Modulation of the IL-12/IFN-γ axis by IFN-α therapy for hepatitis C

Although IFN-α forms the foundation of therapy for chronic hepatitis C, only a minority of patients has a sustained response to IFN-α alone. The antiviral activities of IFN-α formed the rationale for its use in viral hepatitis. However, IFN-α and the other Type I IFNs are also pleiotropic immune regulators. Type I IFNs can promote IFN-γ production by activating STAT4 but can also inhibit production of IL-12, a potent activator of STAT4 and IFN-γ production.

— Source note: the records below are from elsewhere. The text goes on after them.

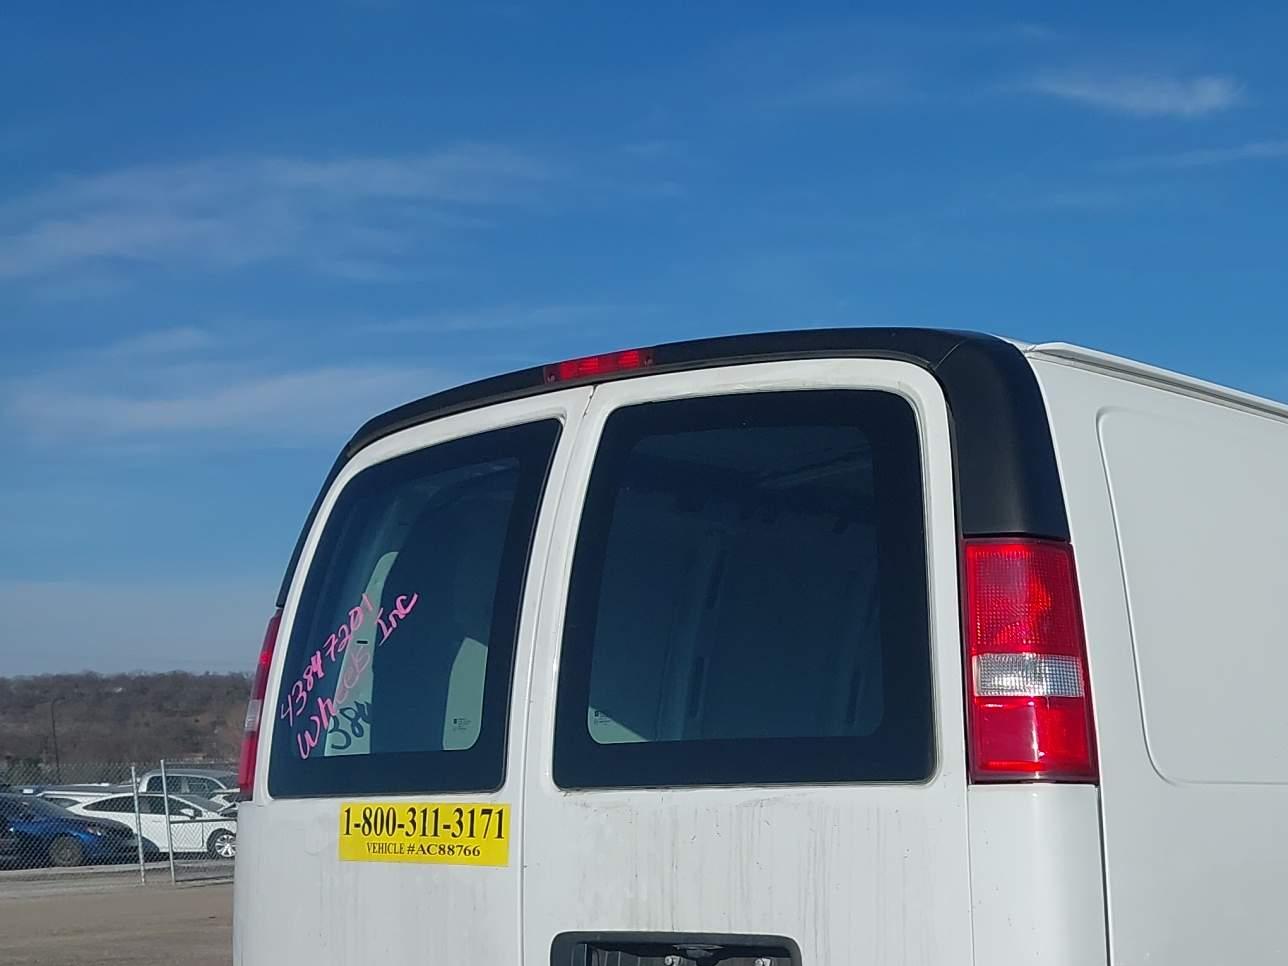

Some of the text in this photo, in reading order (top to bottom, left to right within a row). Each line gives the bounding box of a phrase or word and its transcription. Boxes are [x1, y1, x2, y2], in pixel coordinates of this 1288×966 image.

[374, 592, 419, 647] Inc
[280, 592, 374, 728] 43847201
[343, 806, 505, 840] 1-800-311-3171
[366, 842, 481, 857] VEHICLE #AC88766
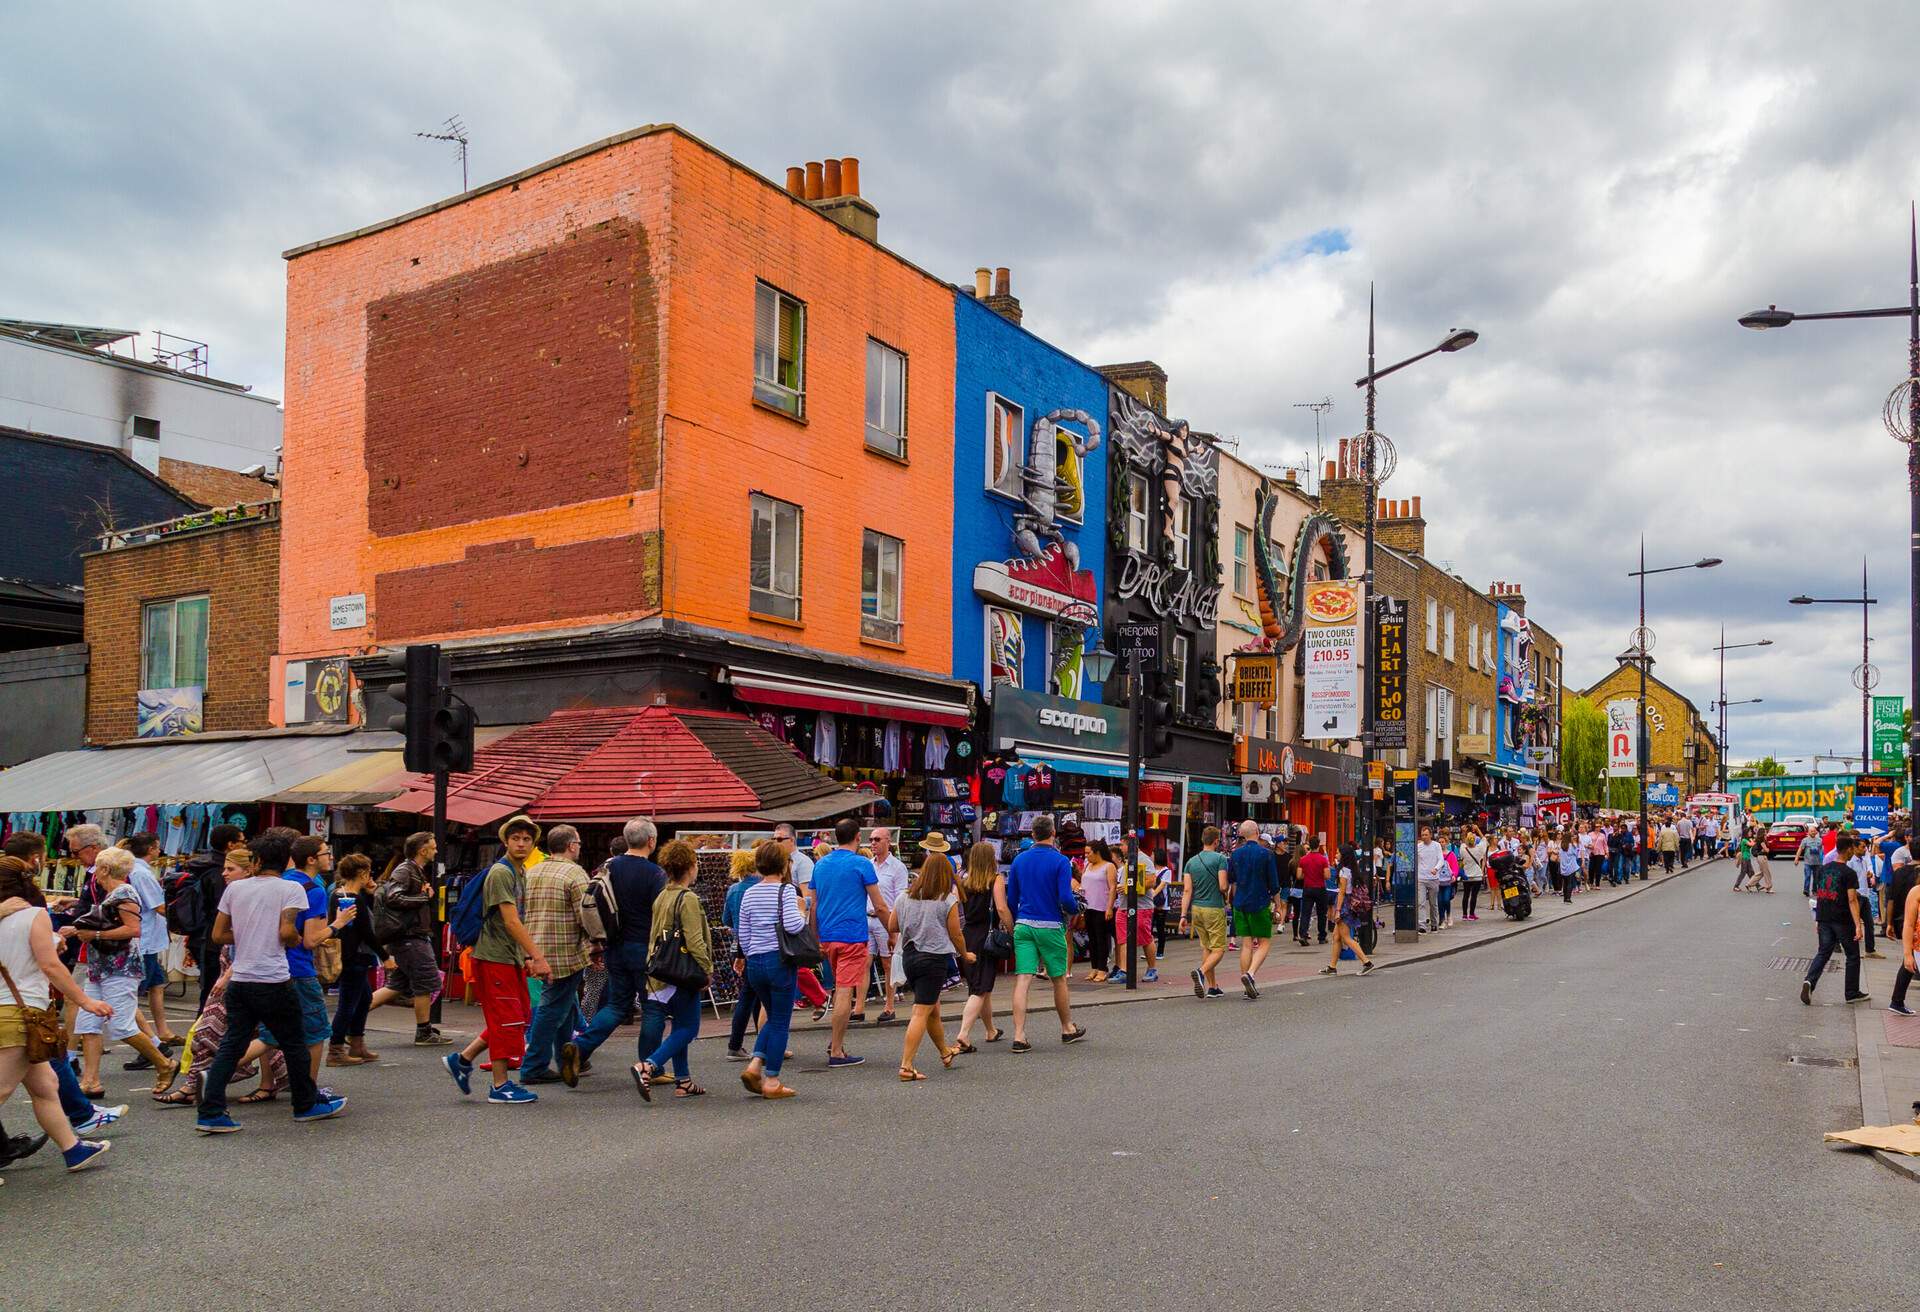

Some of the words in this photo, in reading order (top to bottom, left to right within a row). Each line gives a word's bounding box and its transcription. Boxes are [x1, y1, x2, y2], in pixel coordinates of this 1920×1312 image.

[1119, 549, 1173, 617] DARK
[332, 602, 364, 614] JAMESTOWN
[332, 616, 348, 625] ROAD
[1379, 614, 1404, 624] Skin
[1120, 626, 1158, 636] PIERCING
[1307, 630, 1324, 639] TWO
[1326, 629, 1355, 638] COURSE
[1135, 637, 1142, 646] &
[1307, 639, 1331, 648] LUNCH
[1333, 638, 1355, 647] DEAL!
[1313, 650, 1350, 662] £10.95
[1240, 666, 1272, 680] ORIENTAL
[1240, 682, 1272, 698] BUFFET
[1876, 704, 1900, 713] FISH
[1040, 708, 1107, 735] scorpion
[1539, 797, 1570, 805] Clearance
[1745, 788, 1835, 811] CAMDEN

The efficacy of IFN-α in the treatment of hepatitis C may therefore depend in part on the balance of IFN-γ-inducing and IL-12-suppressing effects. We characterized the effects of pegylated IFN-α therapy for hepatitis C on the capacity of patients' PBMC to produce IL-12 and IFN-γ ex vivo. Cells from patients with a sustained virological response to therapy had significantly greater levels of IFN-α-driven IFN-γ production prior to treatment than those from nonresponding patients. No differences in pretreatment IL-12 productive capacity were seen between patient groups. However, therapy with IFN-α led to suppression of inducible IL-12 production throughout the course of therapy in both groups of patients.